In an effort to make medicinal drugs that dissolve more quickly on delivery, scientists at Argonne National Laboratory in Illinois are using the technique of acoustic levitation to prepare molecular gels and amorphous solids. The technique could prove important for preparing several drugs that are known to be insoluble in crystalline form.

Acoustic levitation uses the pressure from intense sound waves to suspend an object. The technique is widely used in microgravity experiments, but also provides a way to solidify the atoms or molecules in a liquid without the potentially contaminating effects of a container. In a paper published in the inaugural issue of the open-access journal Physical Review X, Chris Benmore and Richard Weber show this containerless method allows them to supercool liquid forms of several over-the-counter and prescription drugs into amorphous forms.

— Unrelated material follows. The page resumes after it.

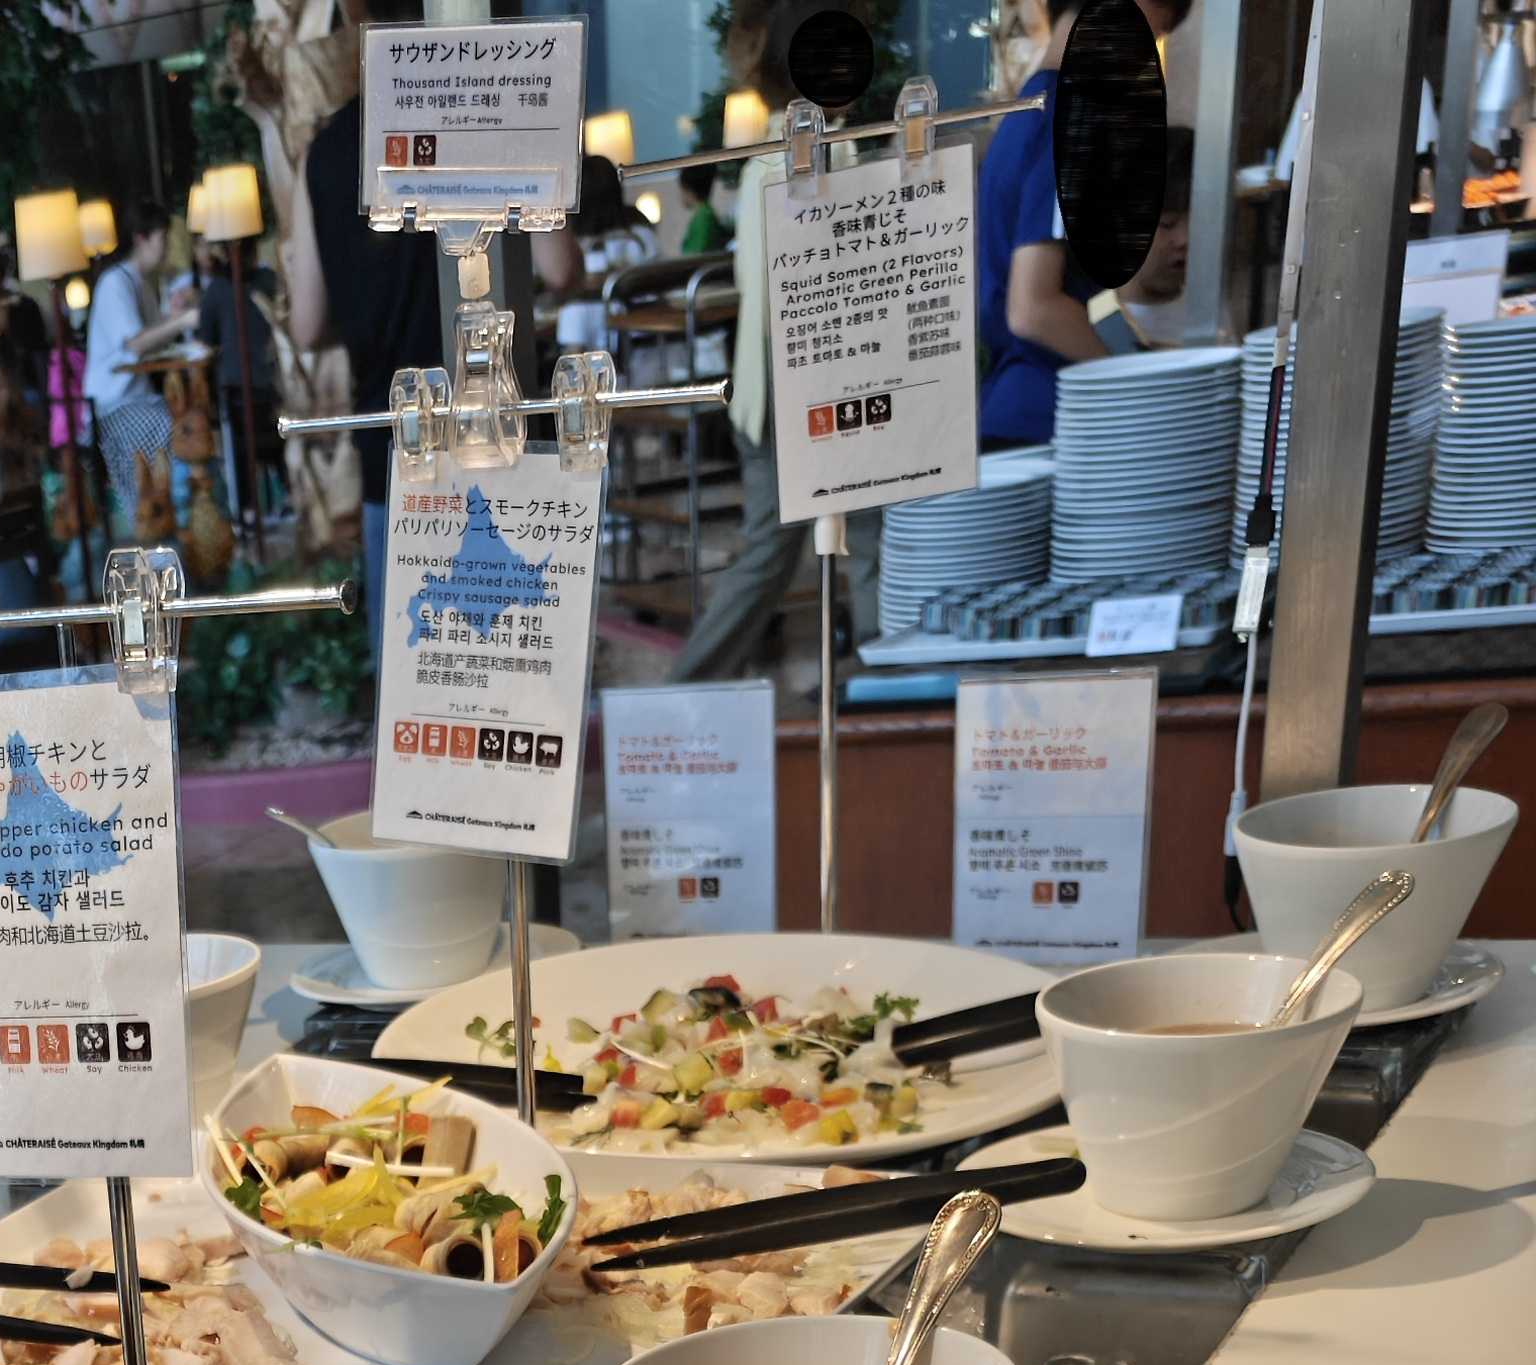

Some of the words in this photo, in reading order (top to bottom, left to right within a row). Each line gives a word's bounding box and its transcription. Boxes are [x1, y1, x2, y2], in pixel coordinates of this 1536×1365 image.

Benmore and Weber are able to form the amorphous solids in two different ways. Drugs such as ibuprofen (an anti-inflammatory) and clofoctol (an antibiotic) were first dissolved in ethanol and then droplets of the solution were allowed to evaporate while suspended in the levitator. In an alternative method, which works for the antihistamine cinnarizine, the team starts with a solid form of the drug, melts it into droplets with a laser and then suspends these droplets as they cool.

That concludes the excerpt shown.